In a time when enforcement and legal risks related to sanctions compliance remain high, firms are urged to persistently adhere to regulatory expectations. This cautionary advice comes as geopolitical events are indicative of a possible extension in sanctions towards other areas.
Given the current landscape, it is vital that firms continue to comply diligently with their obligations under financial sanctions. The pace of new sanctions related to Russia has decelerated, as noted in a recent article on JD Supra, however, the global political environment suggests that this is unlikely to lead to a decrease overall in worldwide sanctions.

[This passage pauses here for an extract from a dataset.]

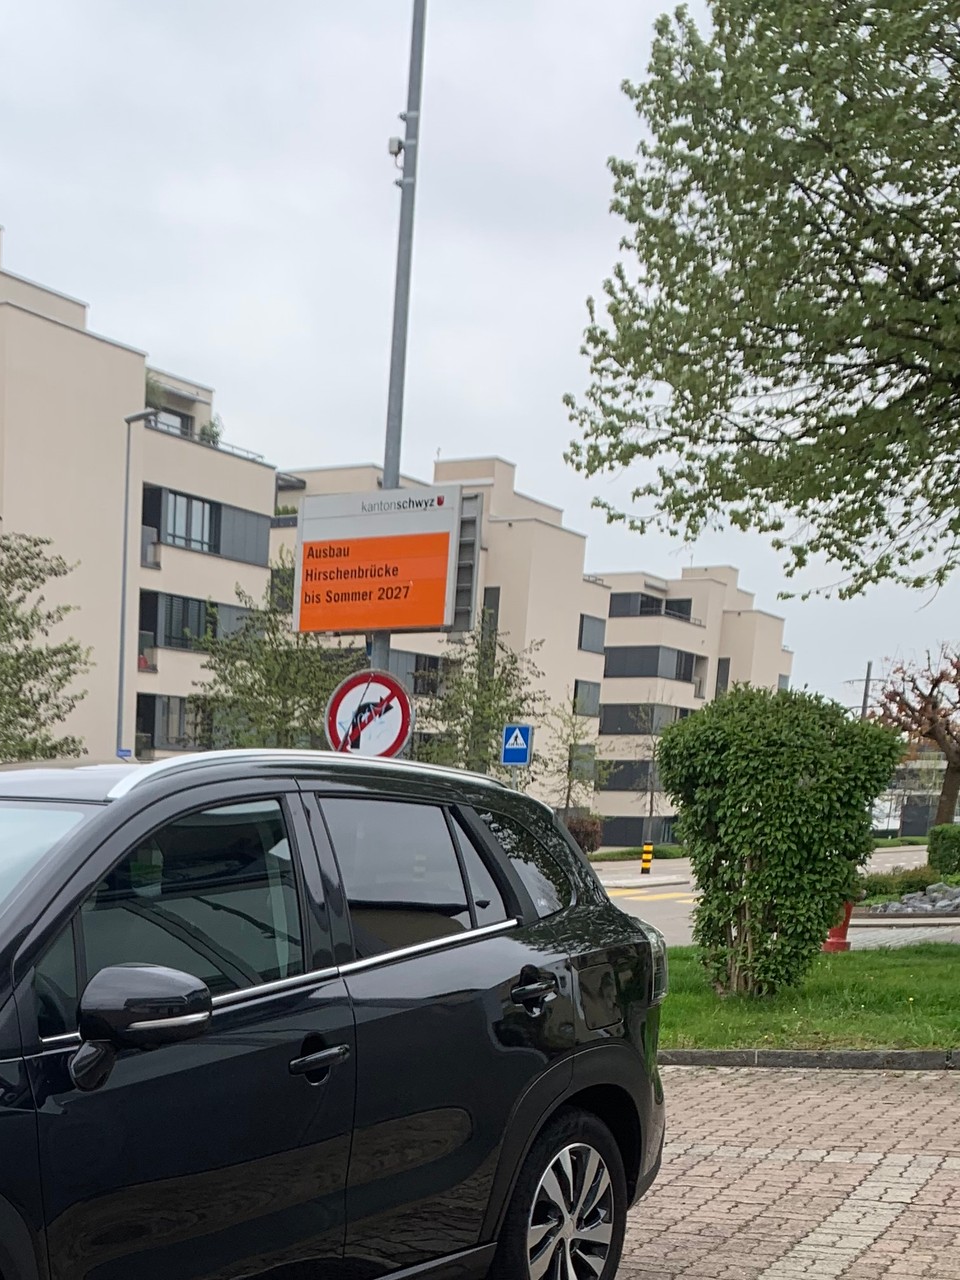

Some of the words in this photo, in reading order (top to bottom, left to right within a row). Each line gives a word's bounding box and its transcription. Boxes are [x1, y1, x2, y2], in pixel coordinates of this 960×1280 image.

Beyond the immediate regulatory landscape, firms must also deal with the emerging difficulties posed by the restructuring of relationships and transactions. As time progresses, the ability to maintain the status quo becomes less feasible. This increasing complexity leads firms into uncharted territory from a compliance perspective, testing their capabilities and resilience.
The clear course of action in these changing dynamics is for firms to regularly review their internal practices to ensure they remain abreast with any alterations in financial sanctions. Rigor in maintaining up-to-date systems and controls is key in avoiding developing liability risks. Staying informed and adapting accordingly is part of a firm’s due diligence process in minimising undue risk with regards to sanctions compliance.
Last but not least, a robust and effective compliance program provides an adequate safety net for preventing inadvertent violations and is seen as a contributing factor in mitigating penalties in the case of any inadvertent breaches.
In conclusion, meeting these ongoing regulatory expectations in the ever-changing political climate, and staying ahead of potential pitfalls, is increasingly vital.